___ Record set
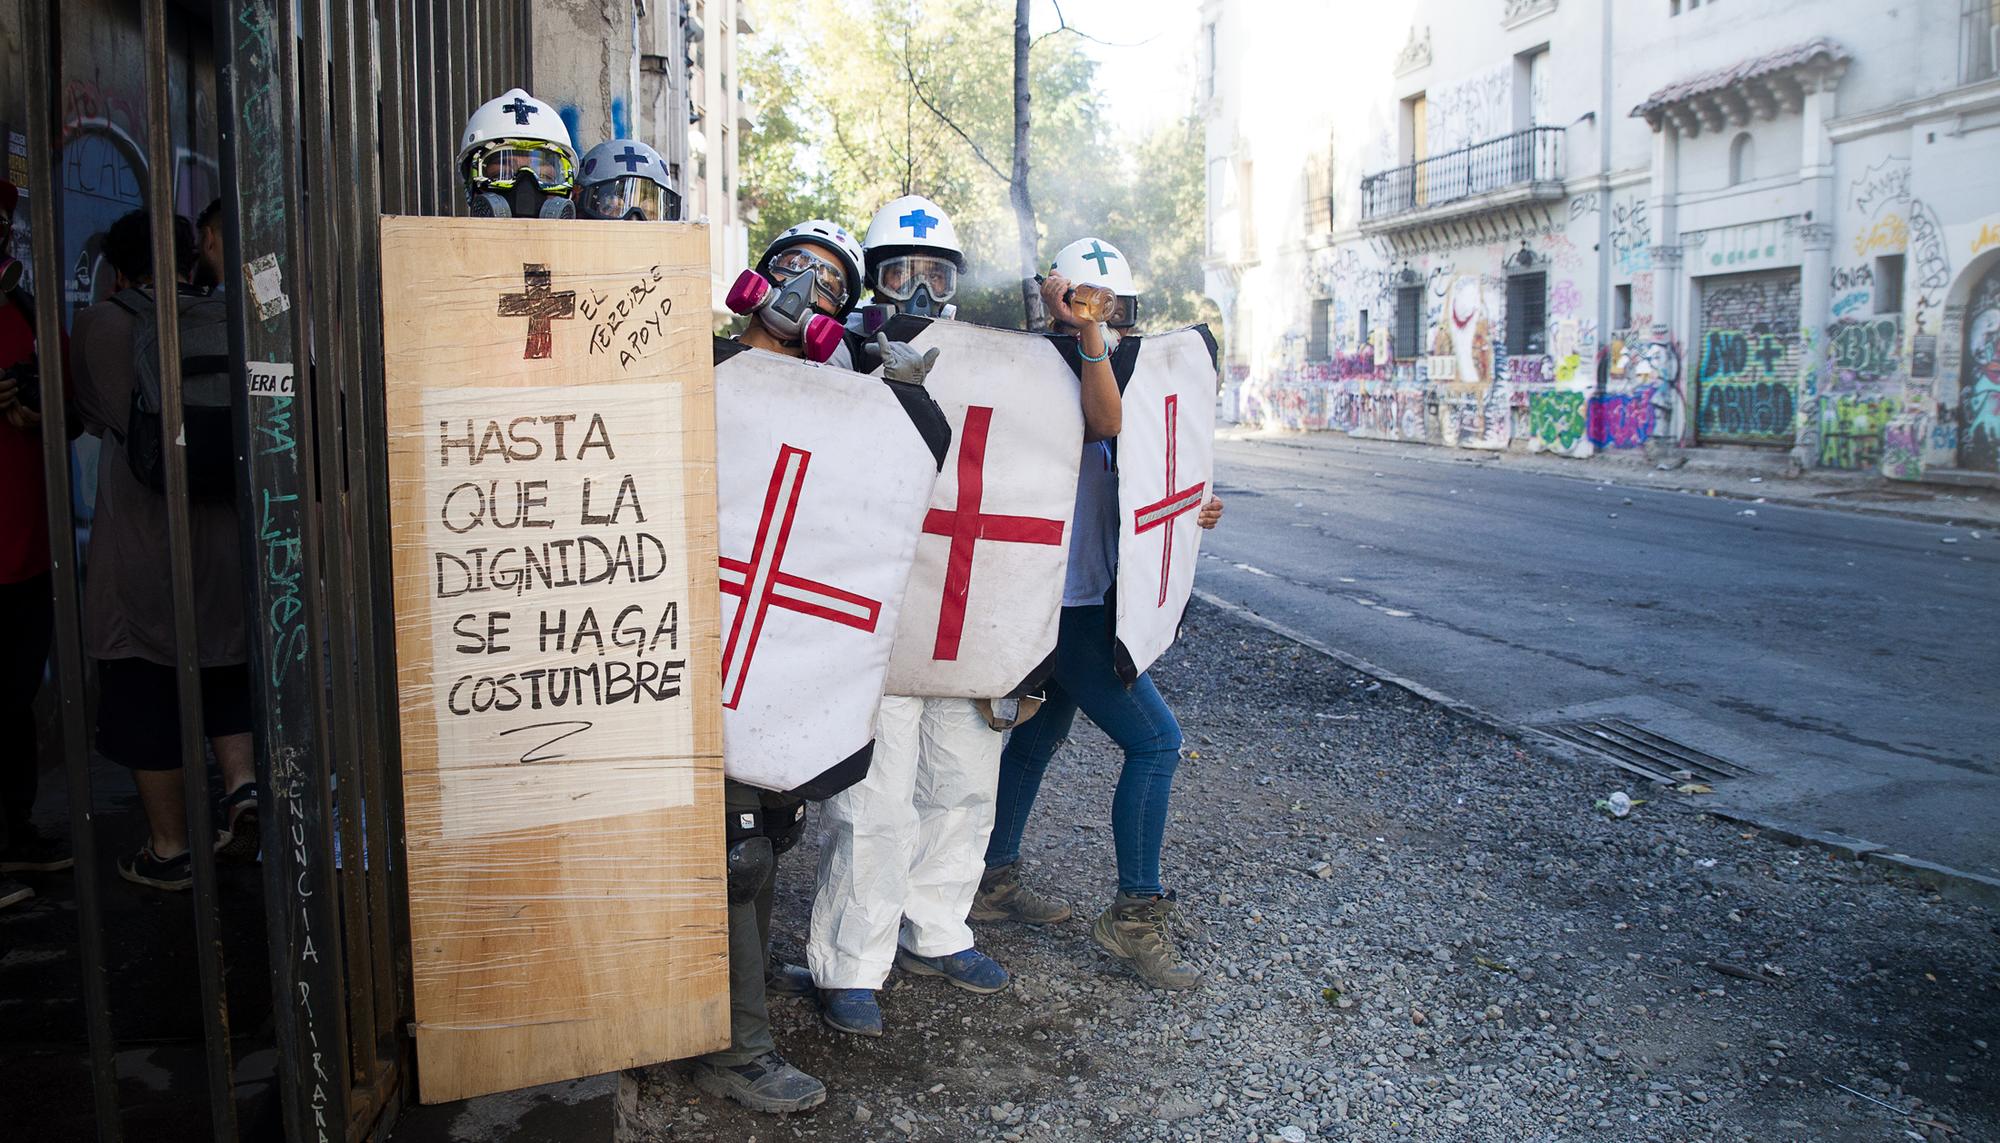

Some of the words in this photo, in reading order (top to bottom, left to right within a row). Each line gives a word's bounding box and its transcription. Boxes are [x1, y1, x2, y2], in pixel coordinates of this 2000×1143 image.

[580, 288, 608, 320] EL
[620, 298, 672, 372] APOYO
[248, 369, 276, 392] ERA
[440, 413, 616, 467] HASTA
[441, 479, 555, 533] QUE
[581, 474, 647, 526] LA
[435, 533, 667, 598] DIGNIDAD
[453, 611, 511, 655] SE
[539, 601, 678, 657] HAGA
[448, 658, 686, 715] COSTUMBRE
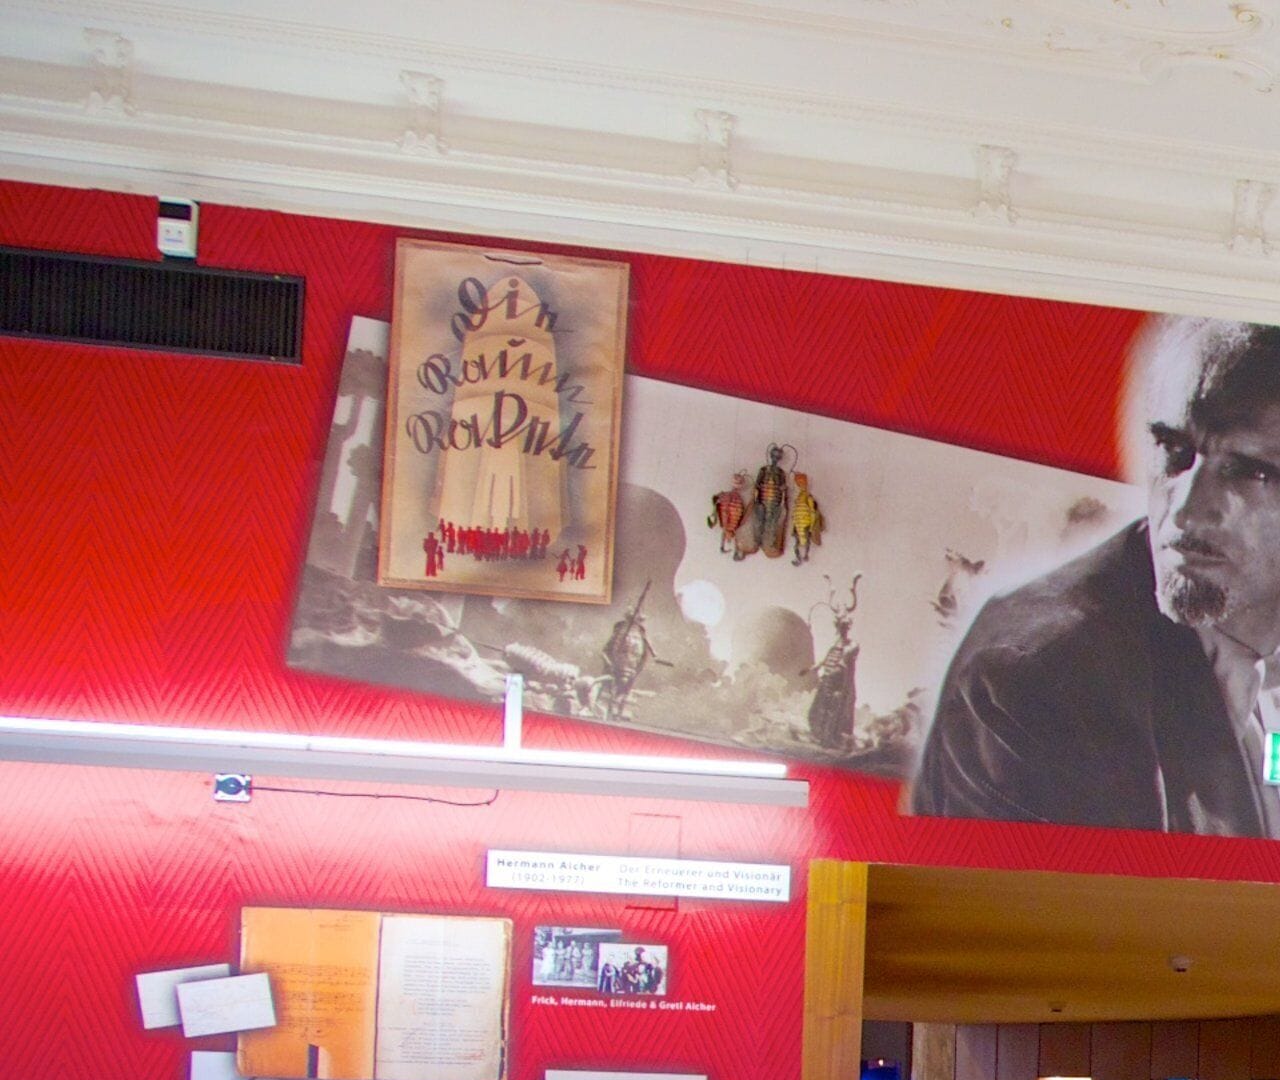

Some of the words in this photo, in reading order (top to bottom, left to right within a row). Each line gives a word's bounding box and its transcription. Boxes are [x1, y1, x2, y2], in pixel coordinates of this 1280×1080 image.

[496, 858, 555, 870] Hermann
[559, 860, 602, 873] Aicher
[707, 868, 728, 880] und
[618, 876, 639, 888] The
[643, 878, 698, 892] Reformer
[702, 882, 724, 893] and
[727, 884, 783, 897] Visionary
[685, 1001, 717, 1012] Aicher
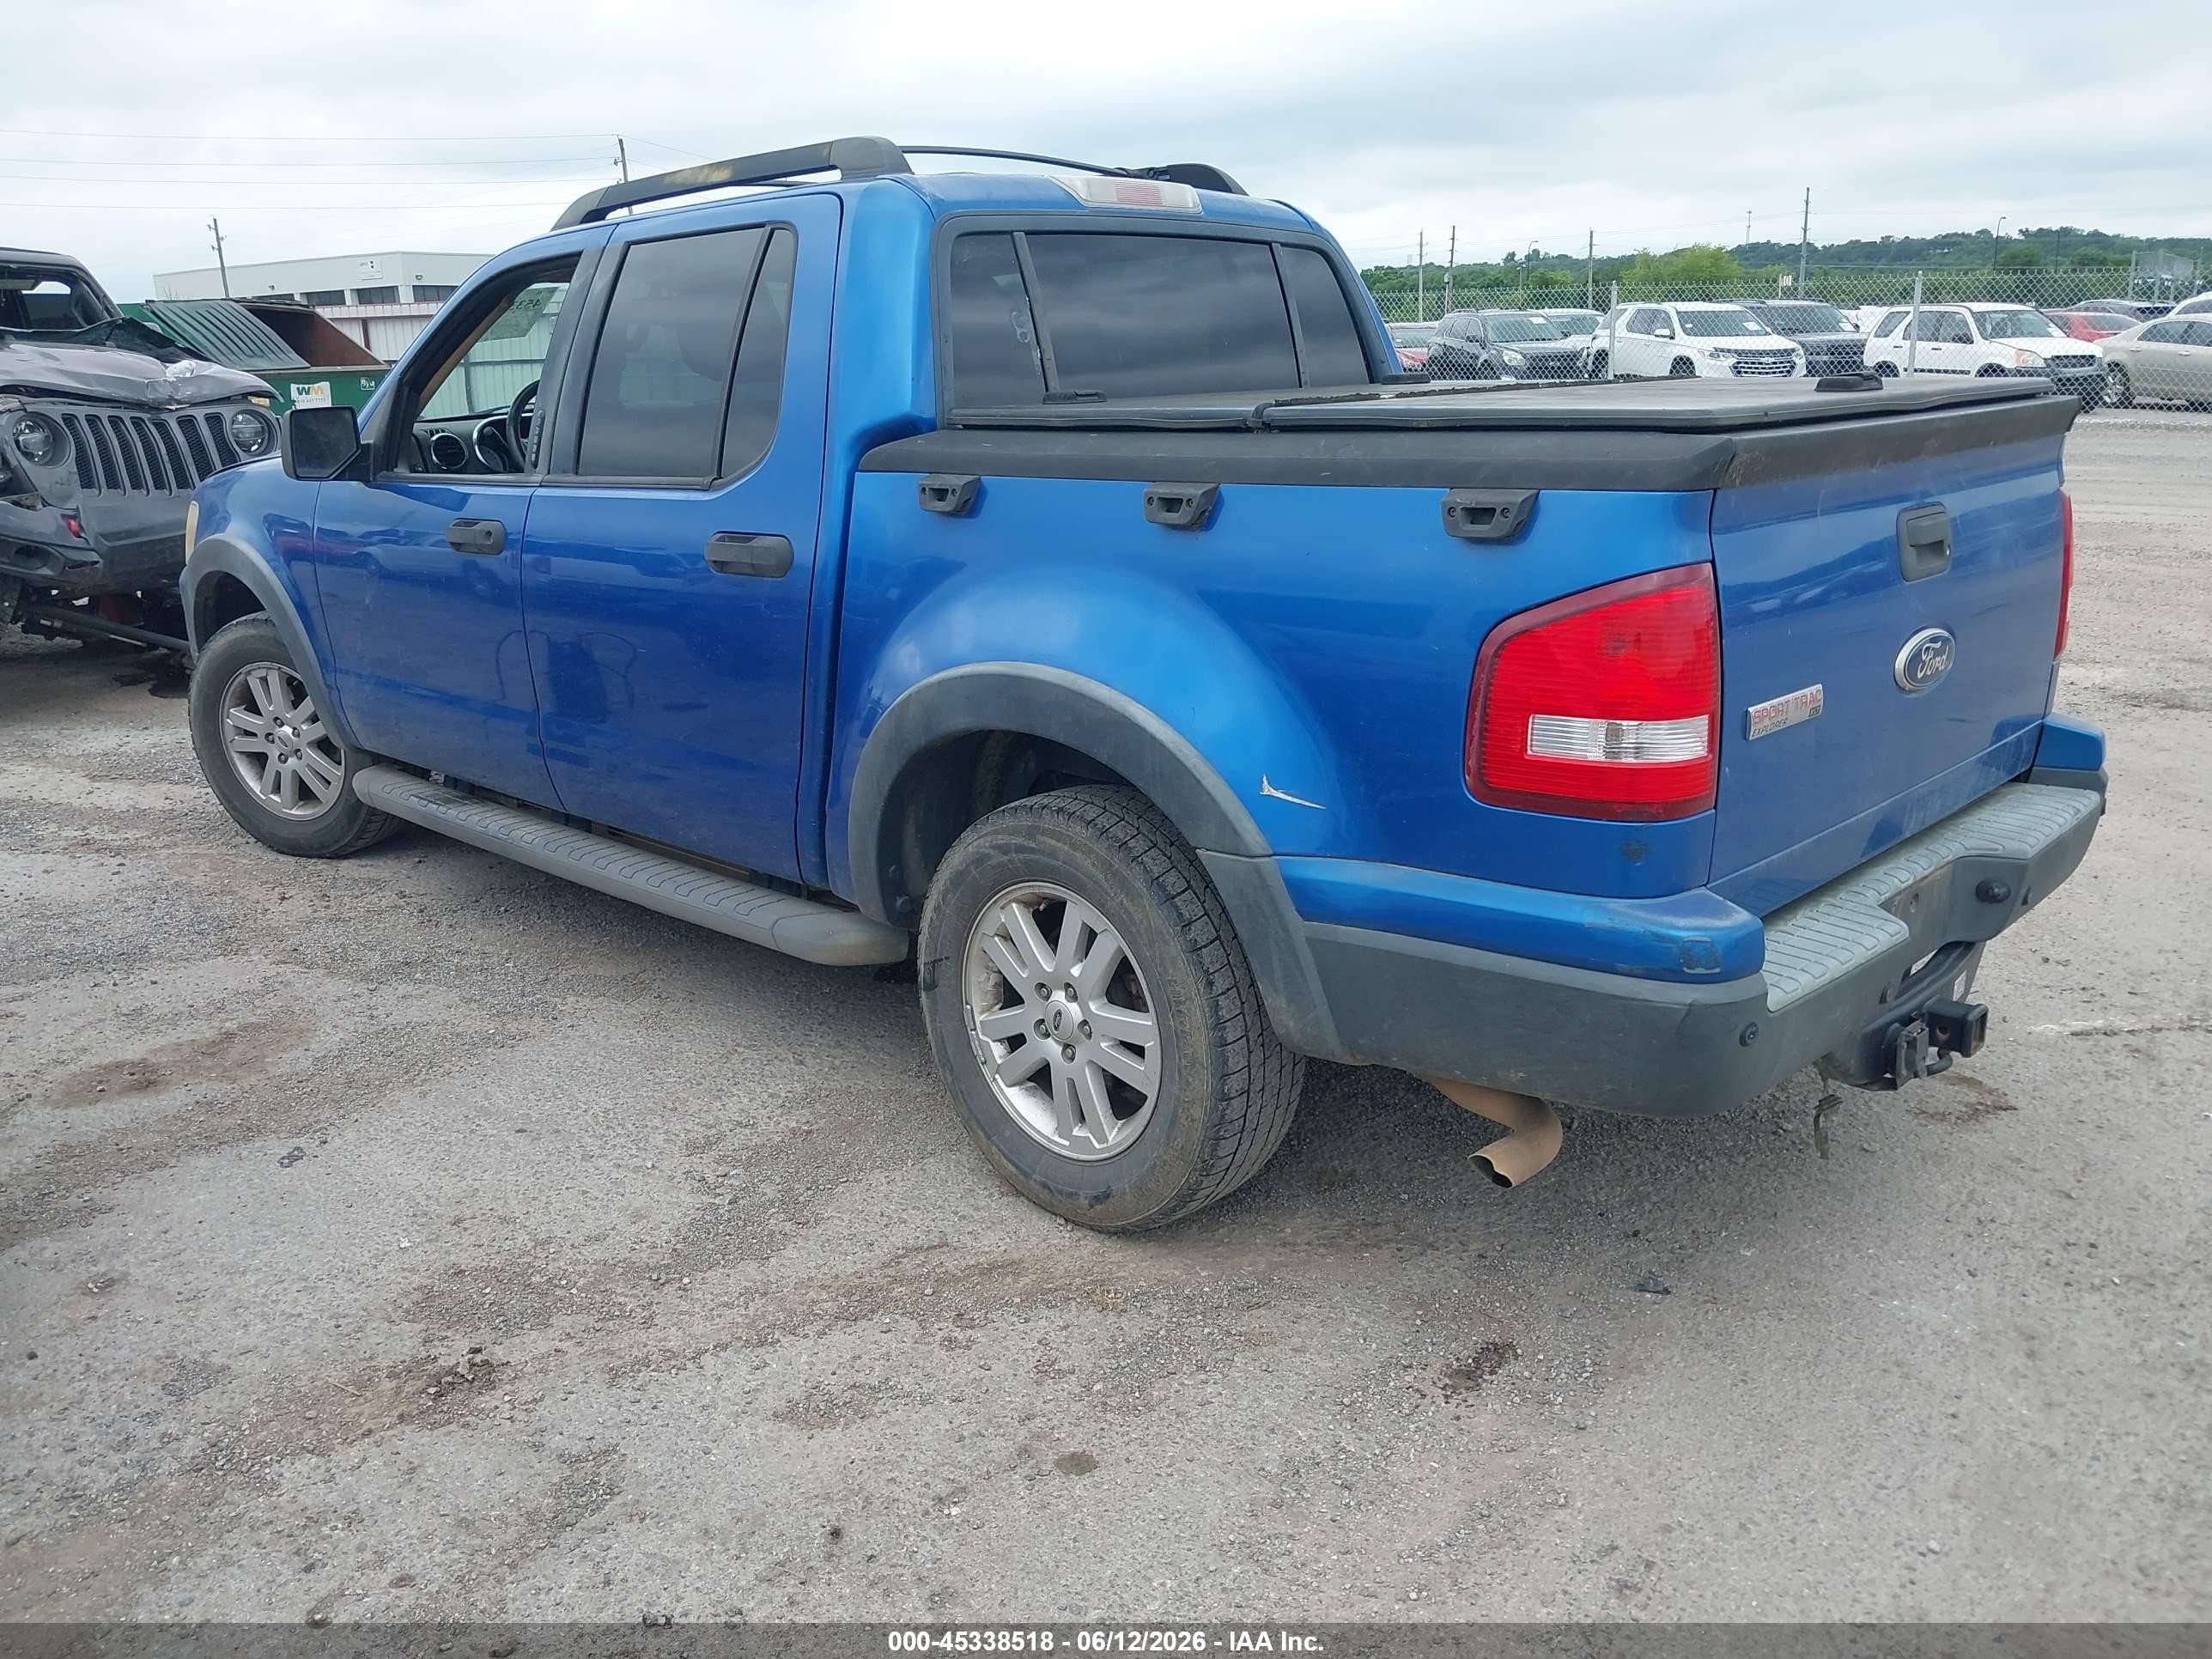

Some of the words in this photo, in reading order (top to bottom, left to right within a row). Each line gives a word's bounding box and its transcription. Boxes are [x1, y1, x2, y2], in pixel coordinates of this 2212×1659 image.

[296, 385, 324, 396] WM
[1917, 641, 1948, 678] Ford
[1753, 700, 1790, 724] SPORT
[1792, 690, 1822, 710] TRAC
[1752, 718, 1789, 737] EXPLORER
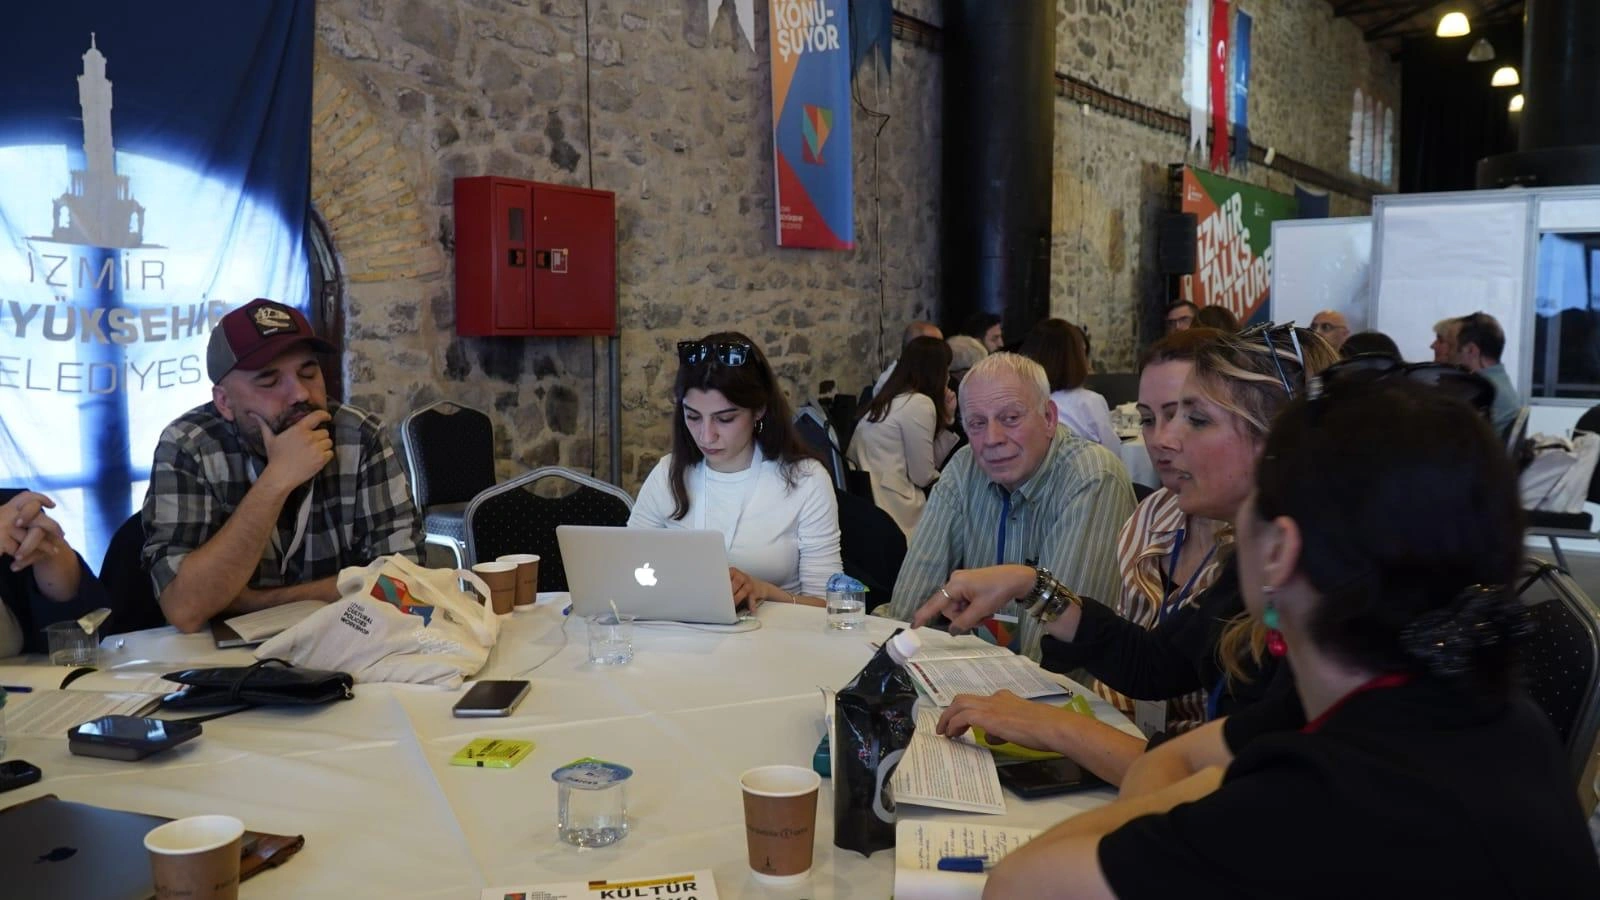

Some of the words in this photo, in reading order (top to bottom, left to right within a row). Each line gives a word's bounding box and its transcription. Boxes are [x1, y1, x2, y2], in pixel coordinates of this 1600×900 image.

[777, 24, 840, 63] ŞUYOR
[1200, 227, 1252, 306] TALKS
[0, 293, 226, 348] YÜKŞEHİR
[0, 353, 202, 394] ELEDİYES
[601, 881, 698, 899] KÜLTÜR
______
Exercise details »
Could you please return the entries above exactly, minus the pictures?

Output of the task »
Some of the words in this photo, in reading order (top to bottom, left to right within a row). Each line gives a word's bounding box and its transcription. Boxes are [x1, y1, x2, y2], in pixel coordinates of this 2000×1143 image.

[580, 288, 608, 320] EL
[620, 298, 672, 372] APOYO
[248, 369, 276, 392] ERA
[440, 413, 616, 467] HASTA
[441, 479, 555, 533] QUE
[581, 474, 647, 526] LA
[435, 533, 667, 598] DIGNIDAD
[453, 611, 511, 655] SE
[539, 601, 678, 657] HAGA
[448, 658, 686, 715] COSTUMBRE

Some of the words in this photo, in reading order (top to bottom, left to right within a row). Each line gives a word's bounding box and its transcription. Boxes are [x1, y1, x2, y2], in pixel coordinates of this 1280×1080 image.

[496, 858, 555, 870] Hermann
[559, 860, 602, 873] Aicher
[707, 868, 728, 880] und
[618, 876, 639, 888] The
[643, 878, 698, 892] Reformer
[702, 882, 724, 893] and
[727, 884, 783, 897] Visionary
[685, 1001, 717, 1012] Aicher

Some of the words in this photo, in reading order (top to bottom, left to right within a row). Each line gives a word's bounding box and its transcription. Boxes are [x1, y1, x2, y2], in pixel coordinates of this 2212×1659 image.

[296, 385, 324, 396] WM
[1917, 641, 1948, 678] Ford
[1753, 700, 1790, 724] SPORT
[1792, 690, 1822, 710] TRAC
[1752, 718, 1789, 737] EXPLORER

Some of the words in this photo, in reading order (top to bottom, left to right within a row). Each line gives a word's bounding box and its transcription. Boxes are [x1, y1, x2, y2], in pixel coordinates of this 1600×900 image.

[777, 24, 840, 63] ŞUYOR
[1200, 227, 1252, 306] TALKS
[0, 293, 226, 348] YÜKŞEHİR
[0, 353, 202, 394] ELEDİYES
[601, 881, 698, 899] KÜLTÜR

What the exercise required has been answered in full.